■ **AIM OF THE TASK**
Your task is to reproduce the listing exactly, without its images.
*** Opening of RECORDED INFORMATION ***
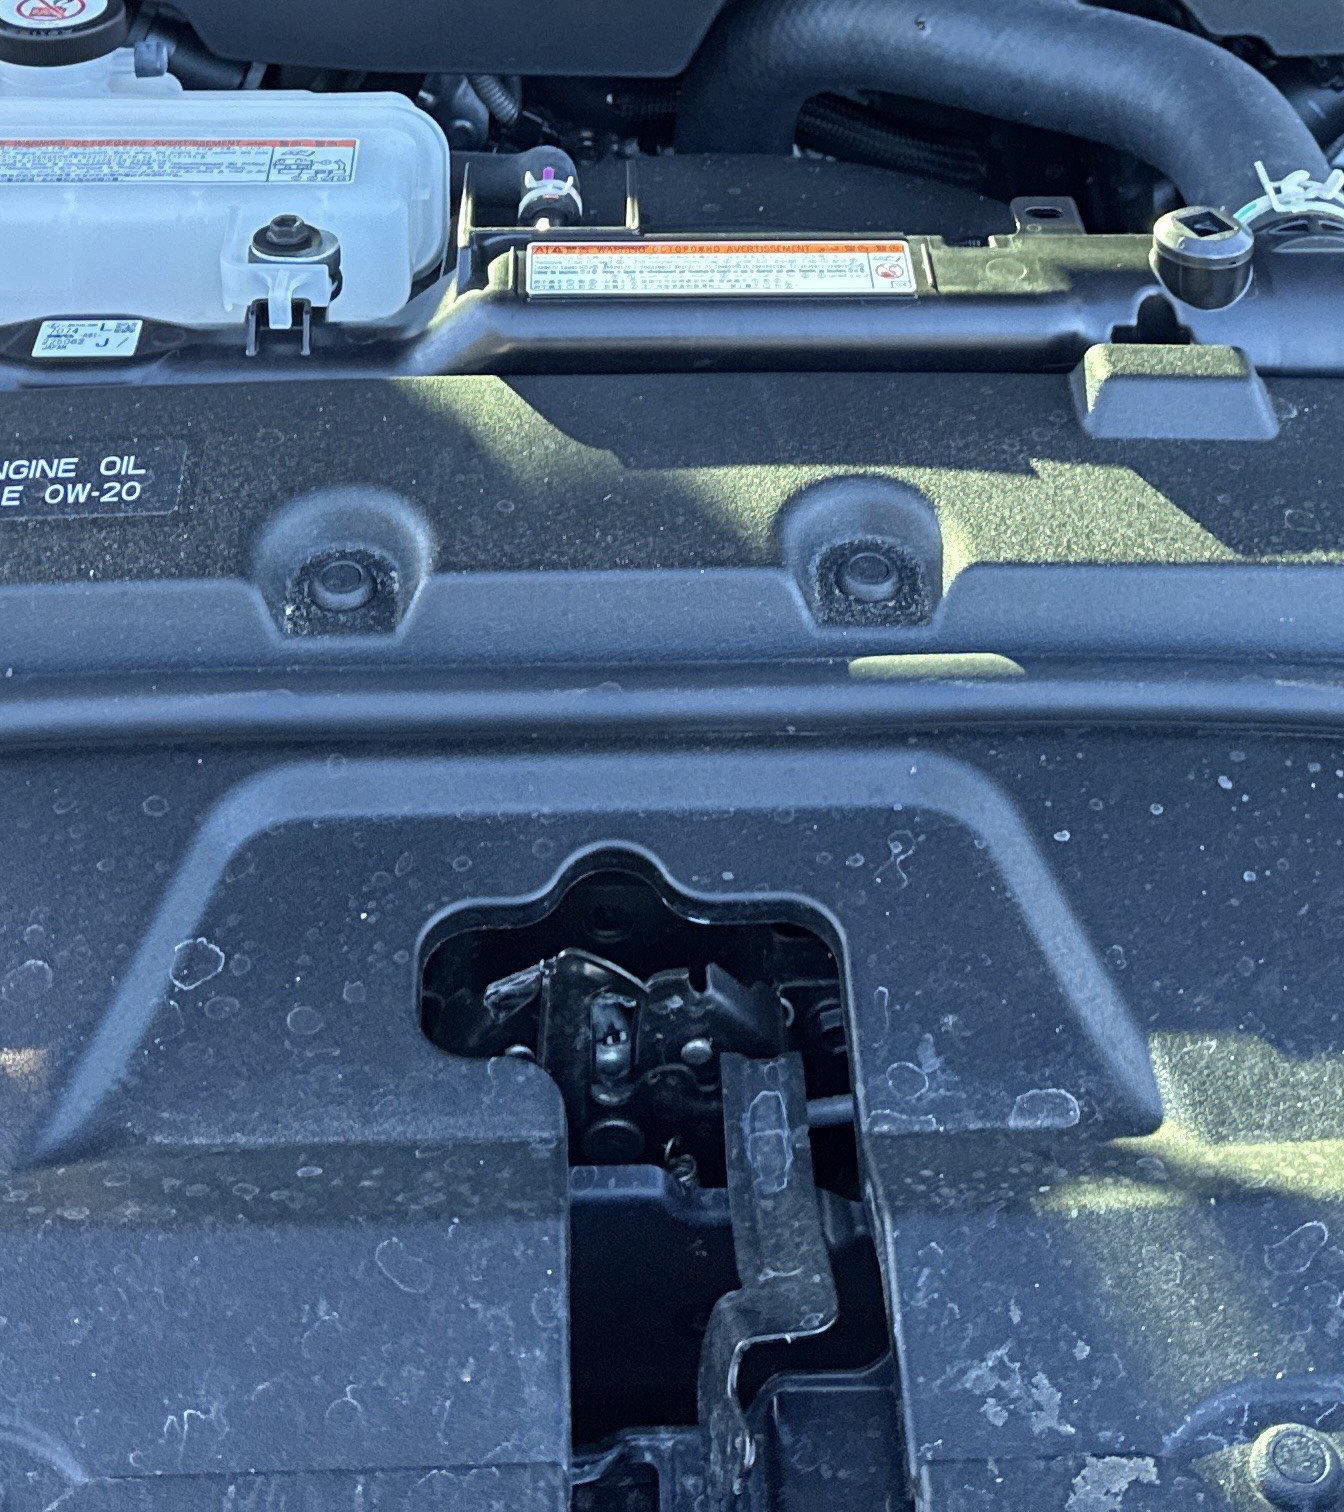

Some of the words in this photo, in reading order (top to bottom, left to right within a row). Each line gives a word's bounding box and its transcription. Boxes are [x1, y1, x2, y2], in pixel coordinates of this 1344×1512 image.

[726, 244, 810, 253] AVERTISSEMENT
[99, 455, 147, 476] OIL
[43, 481, 142, 504] 0W-20
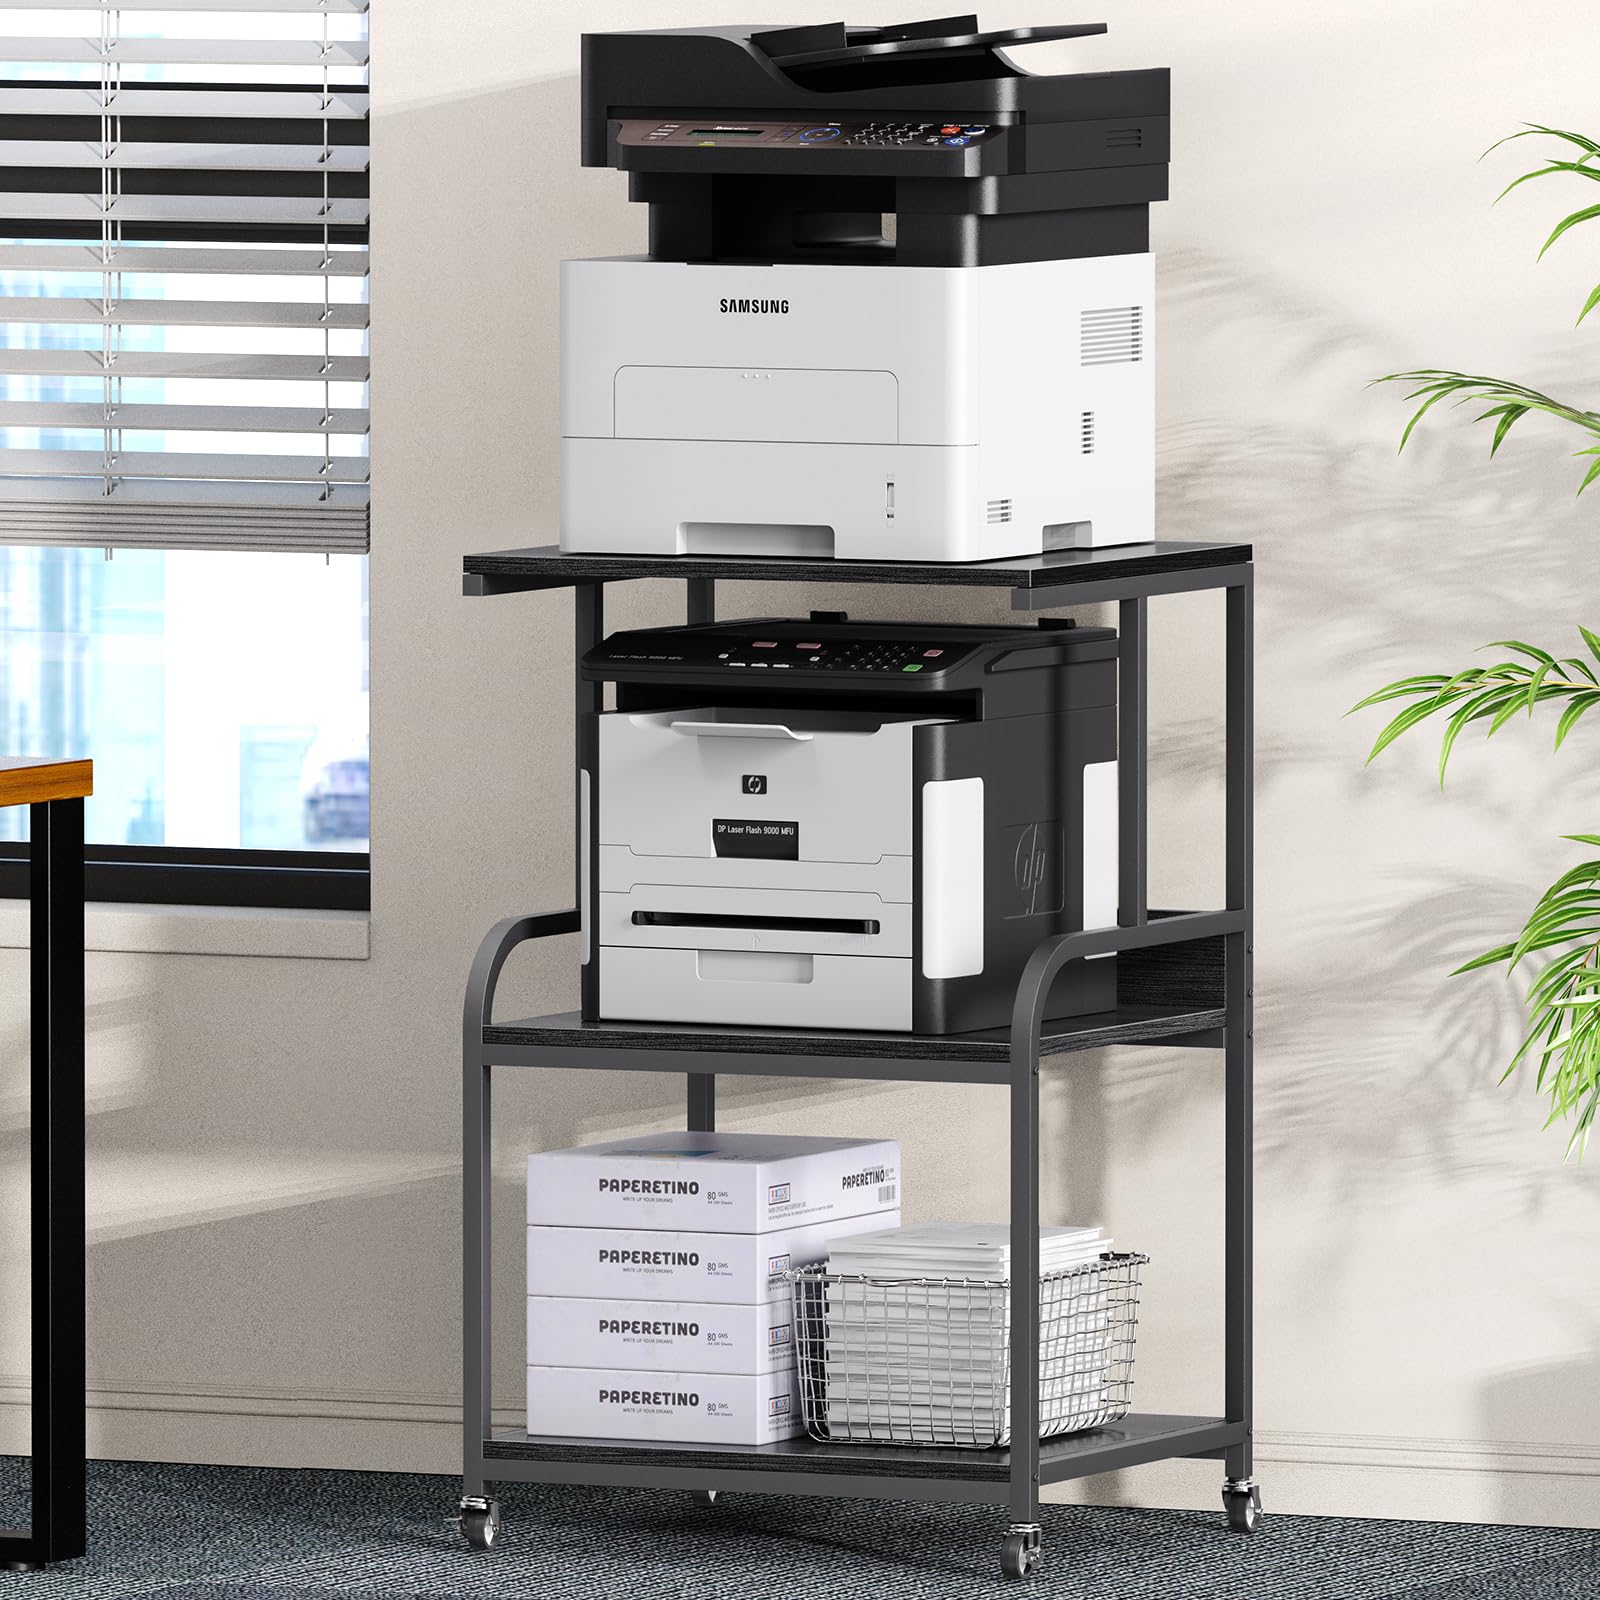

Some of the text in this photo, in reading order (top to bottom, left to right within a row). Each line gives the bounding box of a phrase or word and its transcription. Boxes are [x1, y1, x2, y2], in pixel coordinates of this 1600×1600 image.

[719, 298, 789, 314] SAMSUNG
[717, 825, 726, 833] DP
[727, 825, 744, 834] Laser
[745, 826, 762, 834] Flash
[763, 826, 780, 835] 9000
[599, 1179, 700, 1196] PAPERETINO
[842, 1169, 885, 1190] PAPERETINO
[707, 1192, 717, 1200] 80
[599, 1250, 700, 1267] PAPERETINO
[707, 1263, 717, 1271] 80
[599, 1320, 700, 1337] PAPERETINO
[707, 1333, 717, 1341] 80
[599, 1390, 700, 1407] PAPERETINO
[707, 1403, 717, 1411] 80
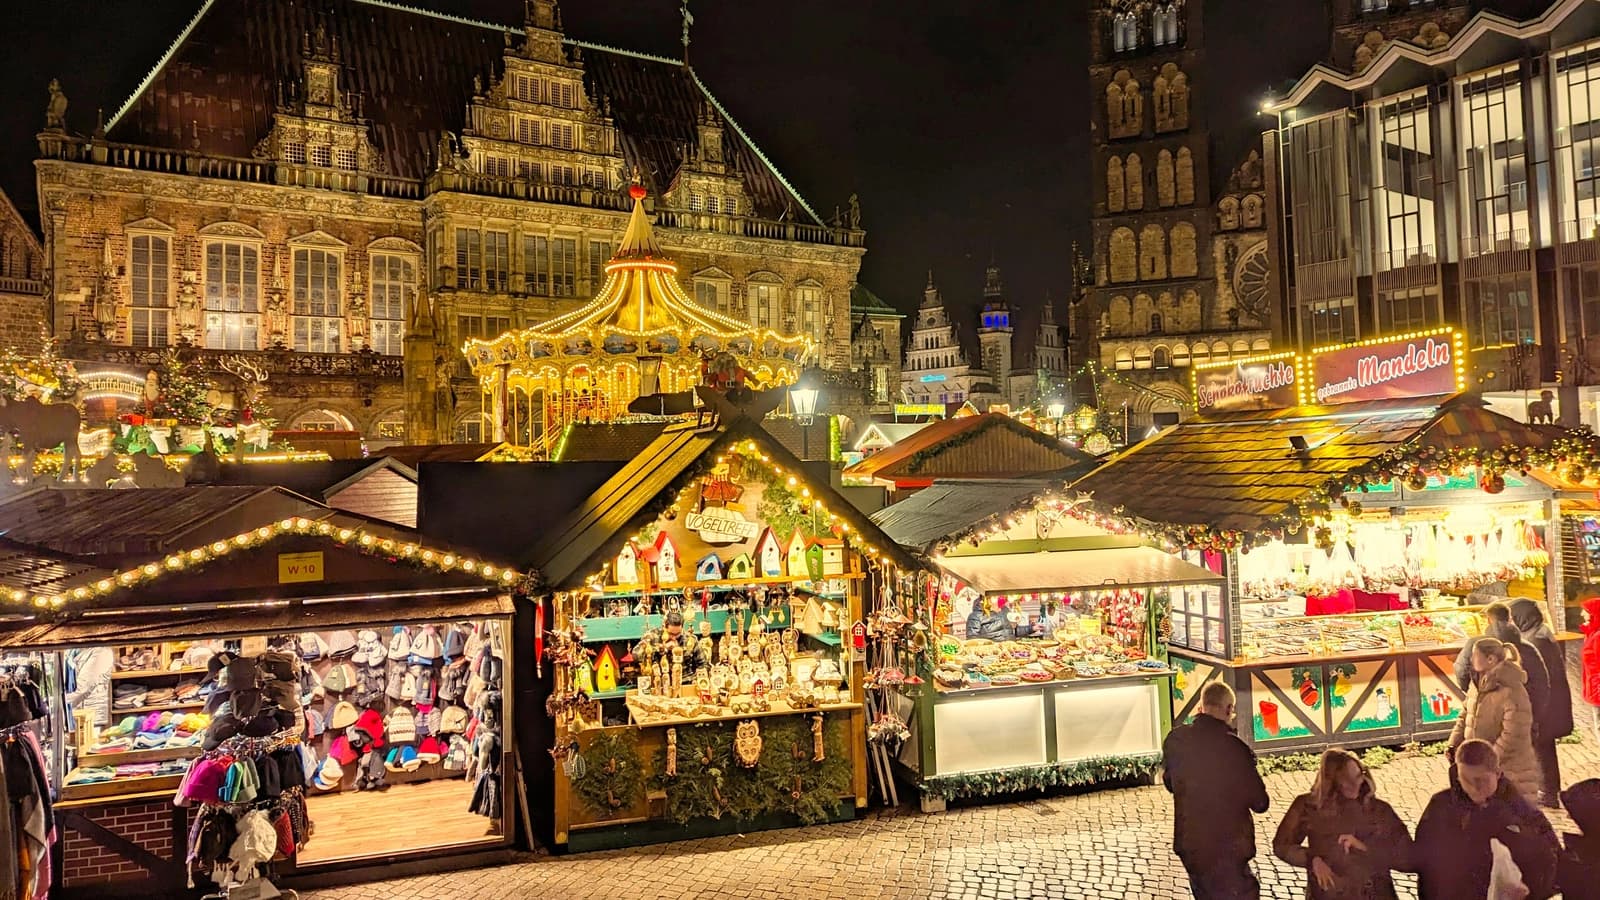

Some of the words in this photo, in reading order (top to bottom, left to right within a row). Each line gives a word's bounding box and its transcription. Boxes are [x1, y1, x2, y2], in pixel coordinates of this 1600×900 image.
*** Close of RECORDED INFORMATION ***
■ **SOLUTION FOR THIS PROBLEM**
Some of the words in this photo, in reading order (top to bottom, left to right within a row). Each line gives a word's bounding box and its transcription. Boxes are [x1, y1, x2, y2], in pixel coordinates of this 1344×1512 image.

[726, 244, 810, 253] AVERTISSEMENT
[99, 455, 147, 476] OIL
[43, 481, 142, 504] 0W-20

Some of the text in this photo, in reading order (top to bottom, left to right within a row). Each line gives the bounding box of a phrase or word and its transcription. Boxes are [x1, y1, x2, y2], in pixel coordinates of this 1600×1600 image.

[719, 298, 789, 314] SAMSUNG
[717, 825, 726, 833] DP
[727, 825, 744, 834] Laser
[745, 826, 762, 834] Flash
[763, 826, 780, 835] 9000
[599, 1179, 700, 1196] PAPERETINO
[842, 1169, 885, 1190] PAPERETINO
[707, 1192, 717, 1200] 80
[599, 1250, 700, 1267] PAPERETINO
[707, 1263, 717, 1271] 80
[599, 1320, 700, 1337] PAPERETINO
[707, 1333, 717, 1341] 80
[599, 1390, 700, 1407] PAPERETINO
[707, 1403, 717, 1411] 80

Some of the words in this photo, in reading order (top to bottom, left to right within a row). Each line gives a word's bounding box and its transcription. Boxes are [x1, y1, x2, y2], in pixel coordinates of this 1600×900 image.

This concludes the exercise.